Quinn’s firm – a.k.a. “The Quinndom” – is at the heart of an ongoing criminal investigation into alleged corruption in state government (a.k.a. #ProbeGate).
The veteran “Republican” consultant – whose offices were reportedly raided in connection with the investigation last month – was named in a December 2013 investigative report that served as the basis for the investigation. He has also been summoned to appear before a grand jury in relation to the probe.
Accordingly, we have no issue with the SCSPA’s decision – although as we pointed out in our prior coverage of this situation, we believe this week’s decision was less about the anti-corruption investigation and more about the continuation of a political spitball fight initiated by Pat McKinney, the top port appointee of former S.C. governor Nikki Haley.
Does Haley have a leg to stand on when it comes to these matters?
Hell no. In fact her shameless and self-serving betrayal of the best economic interests of her own state (the infamous “Savannah River Sellout”) dealt the SCSPA a devastating blow – one it has yet to recover from.
Anyway, with gubernatorial appointments to this board in limbo (appropriately so) as a result of #ProbeGate – we thought the SCSPA might be better served by waiting until all the indictments had dropped to take this action.
They decided to go ahead and suspend the contracts, though … which is fine with us.

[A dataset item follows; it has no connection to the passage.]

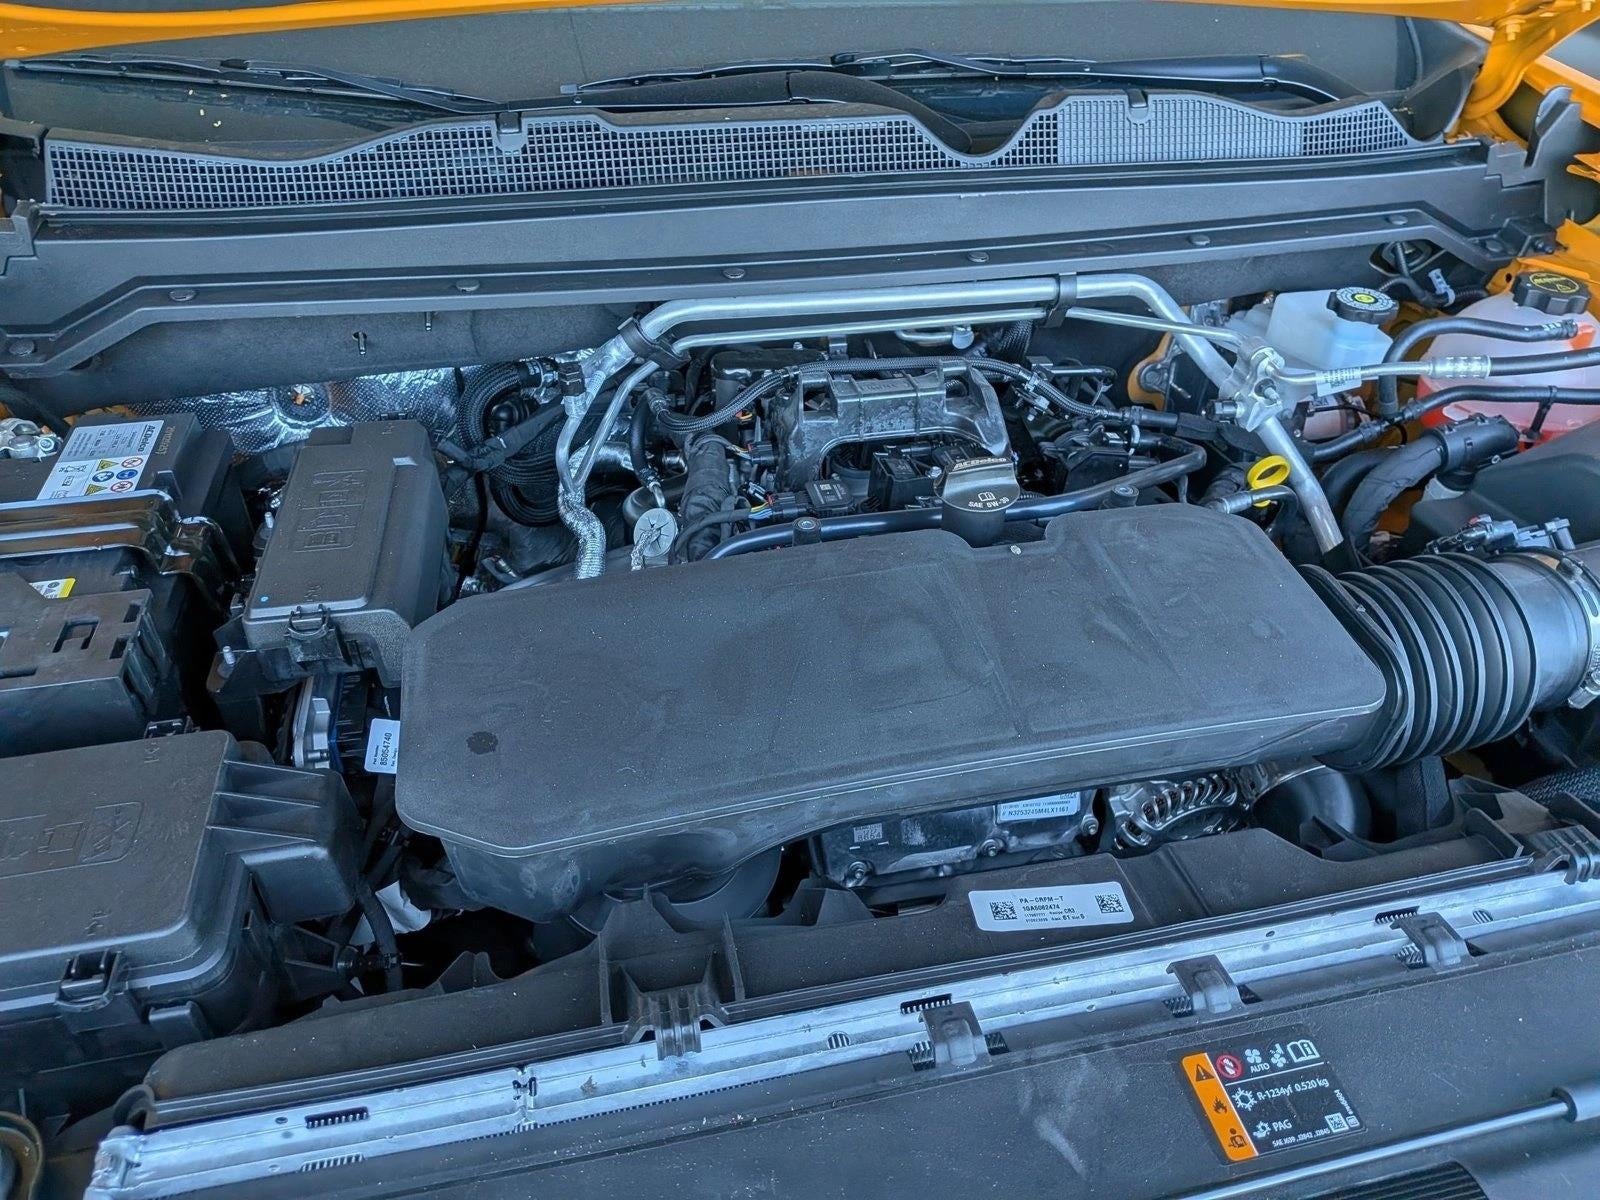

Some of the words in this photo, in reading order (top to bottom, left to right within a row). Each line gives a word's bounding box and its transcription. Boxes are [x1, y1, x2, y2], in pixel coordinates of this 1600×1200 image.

Our guess is it is only a matter of time before more indictments fall in connection with this probe, anyway.
The larger issue remains, though: The inefficacy of government running (or trying to run) a port. As we’ve been saying for years, we have no problem with taxpayers owning vital infrastructure assets like port terminals, cranes, etc. Our problem? Letting politicians and political appointees manage these assets.
As this ongoing drama plainly shows, the SCSPA needs to be devolved and its management of these state-owned assets turned over to the private sector.